In a last-ditch effort to undermine Ortega, U.S. Congressman Dana Rohrabacher, chairman of the House's International Relations Subcommittee on Oversight and Investigation, sent a letter on Friday, October 27, to Michael Chertoff, Secretary of Homeland Security. Rohrabacher enjoined Chertoff "to prepare in accordance with U.S. law, contingency plans to block any further money remittances from being sent to Nicaragua in the event that the FSLN enters government." The nearly half million Nicaraguans currently living in the U.S. send around $500 million each year to their family members in Nicaragua, according to Nicaraguan economist Nestor Avendaño. 

... Rohrabacher's letter is but one voice in a recent cacophony of U.S. meddling. Headlines of the last week have been laden with unsolicited U.S. opinions on Daniel Ortega and the sort of President Nicaraguans should want. The day after Rohrabacher sent his letter, Florida governor Jeb Bush authored a letter published in a La Prensa paid ad. Bush's letter declares that Nicaraguans must choose between a "tragic step towards the past," which he identifies as the "totalitarianism" of the Sandinistas, and "a vision towards the future." Jeb Bush's own vision for Nicaragua's future is revealed at the bottom of the ad, where the Alianza Liberal Nicaraguense party, which is running the U.S.-preferred presidential candidate Eduardo Montealegre, is named as the ad's sponsor.

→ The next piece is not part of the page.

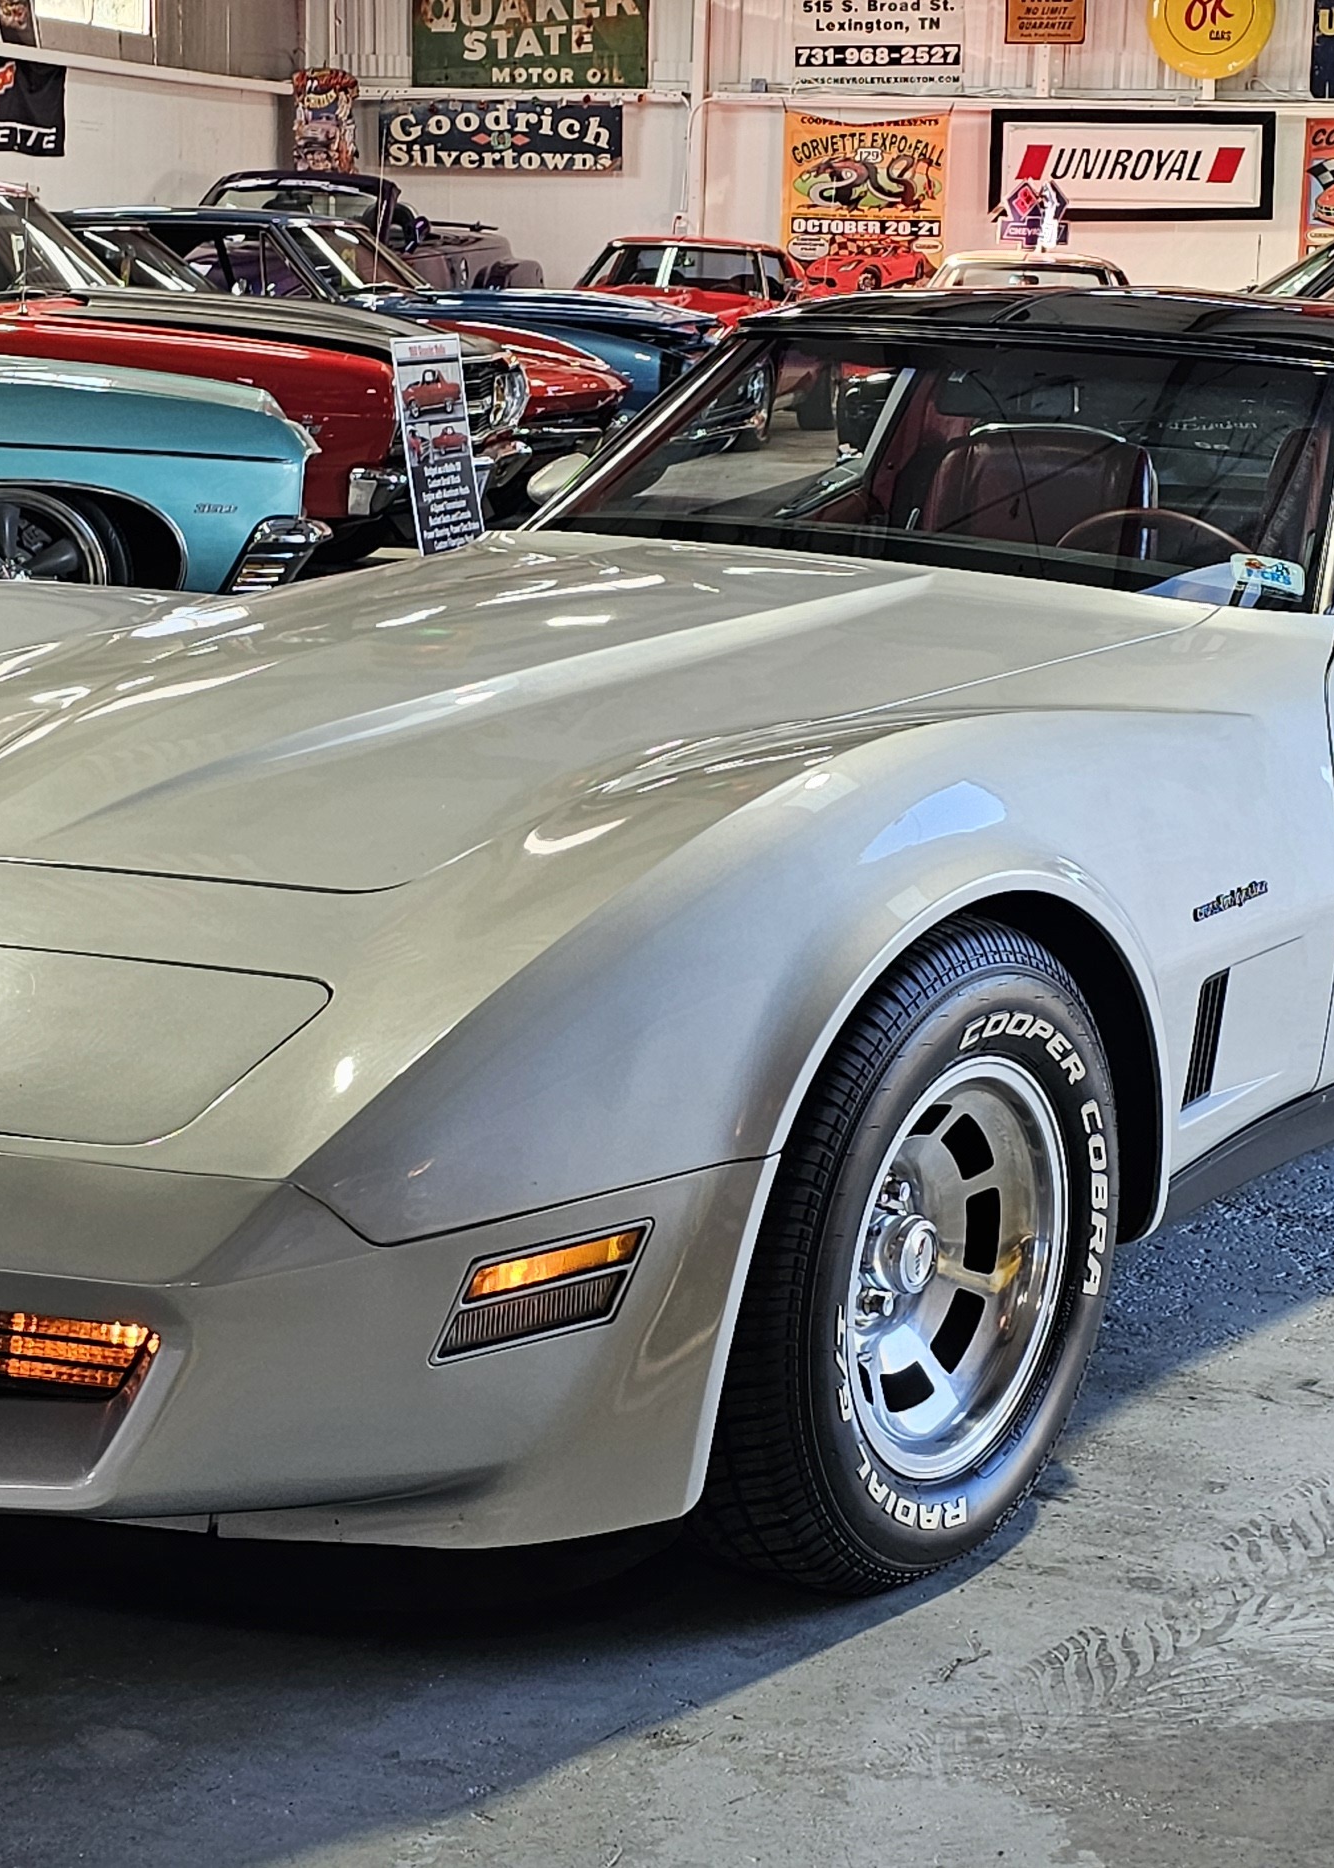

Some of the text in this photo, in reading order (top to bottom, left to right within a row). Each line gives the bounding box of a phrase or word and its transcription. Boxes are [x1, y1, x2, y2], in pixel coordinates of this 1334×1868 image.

Just a few pages away from Bush's ad appears an article in which Adolfo Franco, USAID's Assistant Administrator for Latin America and the Caribbean, warns that a FSLN victory next week could limit USAID support for Nicaragua, citing worries that Daniel Ortega might significantly alter Nicaragua's current economic model. USAID's admonition piggybacks on US Secretary of Commerce Carlos Gutierrez's more explicit pressure in an interview publicized one week earlier. Gutierrez threatened that an Ortega win could preclude a $230 million combined investment from three foreign companies that would generate 123,000 jobs, a $220 million aid package promised through the Millennium Challenge Account, and implementation of CAFTA in Nicaragua.

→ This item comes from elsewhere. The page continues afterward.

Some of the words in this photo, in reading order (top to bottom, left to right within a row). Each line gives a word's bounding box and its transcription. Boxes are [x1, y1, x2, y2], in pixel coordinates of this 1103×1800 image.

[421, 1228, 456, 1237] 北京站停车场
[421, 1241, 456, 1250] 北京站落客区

On October 29, the day after printing Jeb Bush's letter, La Prensa published an editorial by Otto Reich, former Assistant Secretary of State for Western Hemisphere Affairs, in which he accuses the FSLN of maintaining ties with terrorist groups, a claim that Reich does not attempt to substantiate. Though Reich does not currently hold a position in the U.S. government, he writes as if he does, stating, "If the Sandinistas control the government of Nicaragua, there will be strong pressure in Washington to review all aspects of the bilateral relationship, including remittances." Reich equates a Sandinista victory with "a return to a past of poverty and international isolation." Such a dismal outcome indeed seems likely if the U.S., as the party responsible for the isolation of the past, would implement Reich's thinly cloaked threat of aid and remittance cutoffs. 

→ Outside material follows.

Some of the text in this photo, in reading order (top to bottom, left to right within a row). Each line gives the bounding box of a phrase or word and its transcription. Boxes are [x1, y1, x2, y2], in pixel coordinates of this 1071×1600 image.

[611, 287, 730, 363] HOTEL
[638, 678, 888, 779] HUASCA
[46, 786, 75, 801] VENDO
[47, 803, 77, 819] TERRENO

Ironically, Reich precedes all the above statements with the disclaimer, "No one can tell [Nicaraguans] who to vote for." Jeb Bush, Adolfo Franco, and other outspoken U.S. figures have similarly acknowledged Nicaraguans' sovereign right to pick their own leaders. Unfortunately, such statements come across as meaningless niceties when subsequently contradicted with threats and admonishments against choosing a president not to the U.S.'s liking. As Nicaraguans make their way to the polls on Sunday, they must not only consider "What will this candidate do for my country if elected?" but also "What will the U.S. do to my country if this candidate is elected?" The product of relentless outside interference, this sad reality is profoundly undemocratic.